Task
Would you return every entry below exactly as written, without its images?

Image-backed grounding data
-- Opening Marker --
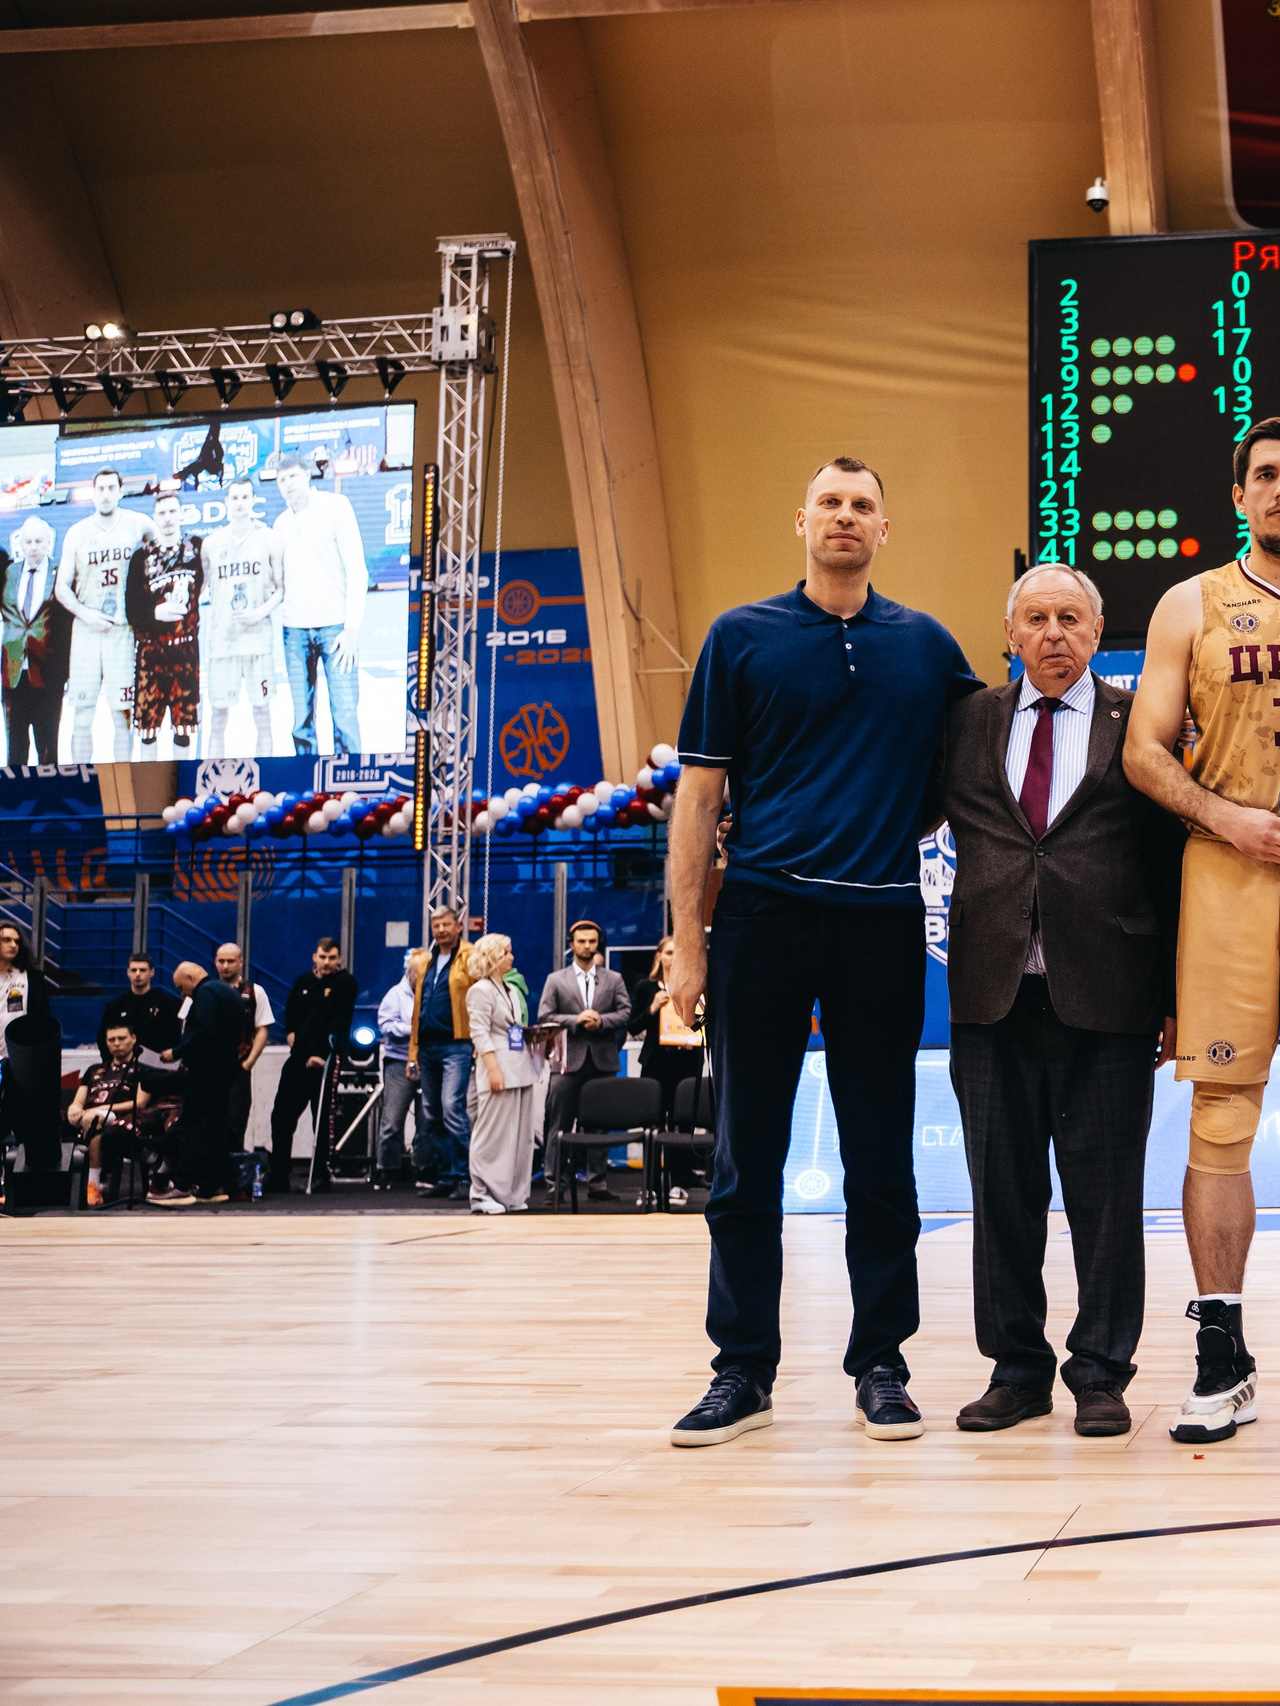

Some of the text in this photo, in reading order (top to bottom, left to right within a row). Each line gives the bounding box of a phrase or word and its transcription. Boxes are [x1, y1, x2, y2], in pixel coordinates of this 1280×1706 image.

[1059, 278, 1079, 307] 2
[1231, 270, 1251, 299] 0
[1059, 307, 1079, 335] 3
[1211, 299, 1246, 328] 11
[1060, 335, 1079, 363] 5
[1212, 327, 1252, 356] 17
[1060, 364, 1080, 392] 9
[1232, 356, 1252, 384] 0
[1041, 392, 1080, 421] 12
[1213, 384, 1253, 414] 13
[1041, 421, 1080, 450] 13
[1041, 450, 1082, 479] 14
[1038, 479, 1075, 509] 21
[1038, 508, 1081, 538] 33
[88, 547, 132, 566] ЦИВС
[1038, 537, 1076, 566] 41
[101, 568, 119, 587] 35
[218, 561, 261, 580] ЦИВС
[485, 628, 567, 647] 2016
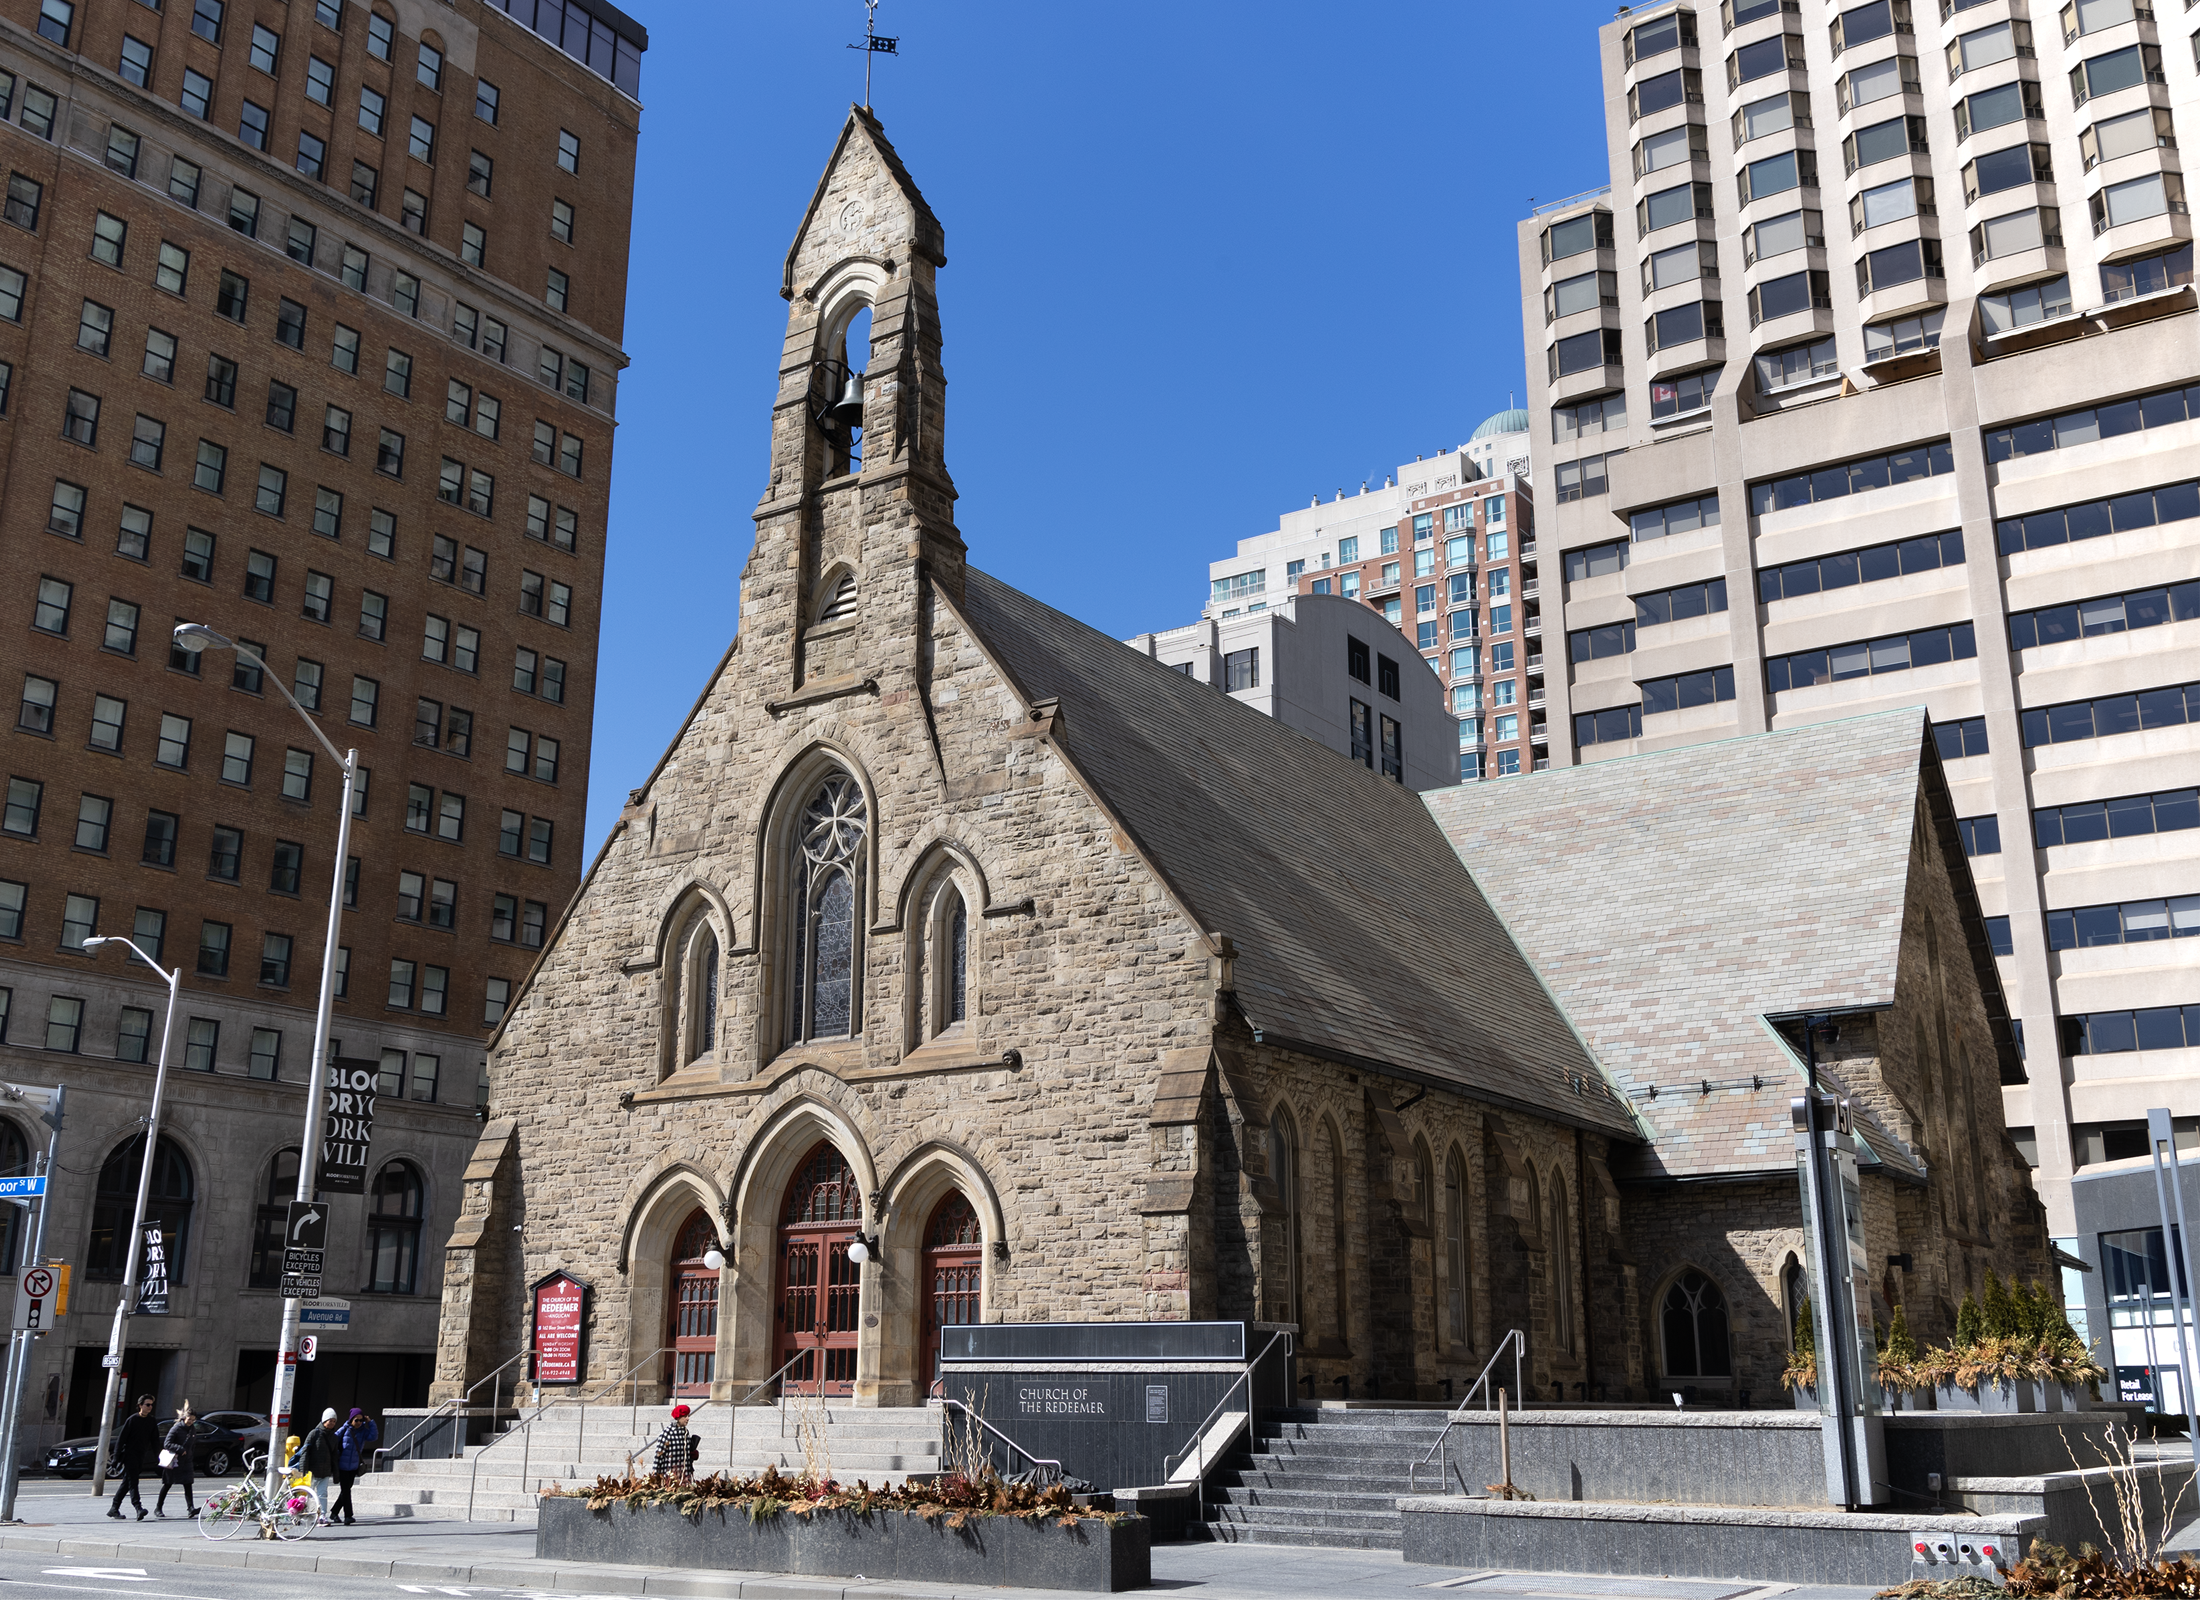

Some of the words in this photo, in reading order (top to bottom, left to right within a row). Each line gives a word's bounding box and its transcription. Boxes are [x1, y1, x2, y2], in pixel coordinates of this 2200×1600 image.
-- Closing Marker --
Task response
Some of the text in this photo, in reading order (top to bottom, left to right within a row). Each line gives the bounding box of a phrase or word and its transcription. Boxes are [x1, y1, x2, y2], in pixel coordinates of this 1280×1706 image.

[1059, 278, 1079, 307] 2
[1231, 270, 1251, 299] 0
[1059, 307, 1079, 335] 3
[1211, 299, 1246, 328] 11
[1060, 335, 1079, 363] 5
[1212, 327, 1252, 356] 17
[1060, 364, 1080, 392] 9
[1232, 356, 1252, 384] 0
[1041, 392, 1080, 421] 12
[1213, 384, 1253, 414] 13
[1041, 421, 1080, 450] 13
[1041, 450, 1082, 479] 14
[1038, 479, 1075, 509] 21
[1038, 508, 1081, 538] 33
[88, 547, 132, 566] ЦИВС
[1038, 537, 1076, 566] 41
[101, 568, 119, 587] 35
[218, 561, 261, 580] ЦИВС
[485, 628, 567, 647] 2016

Some of the words in this photo, in reading order (top to bottom, left to right within a row). Each line gives a word's bounding box and its transcription. Boxes are [x1, y1, x2, y2], in pixel coordinates of this 2200×1600 image.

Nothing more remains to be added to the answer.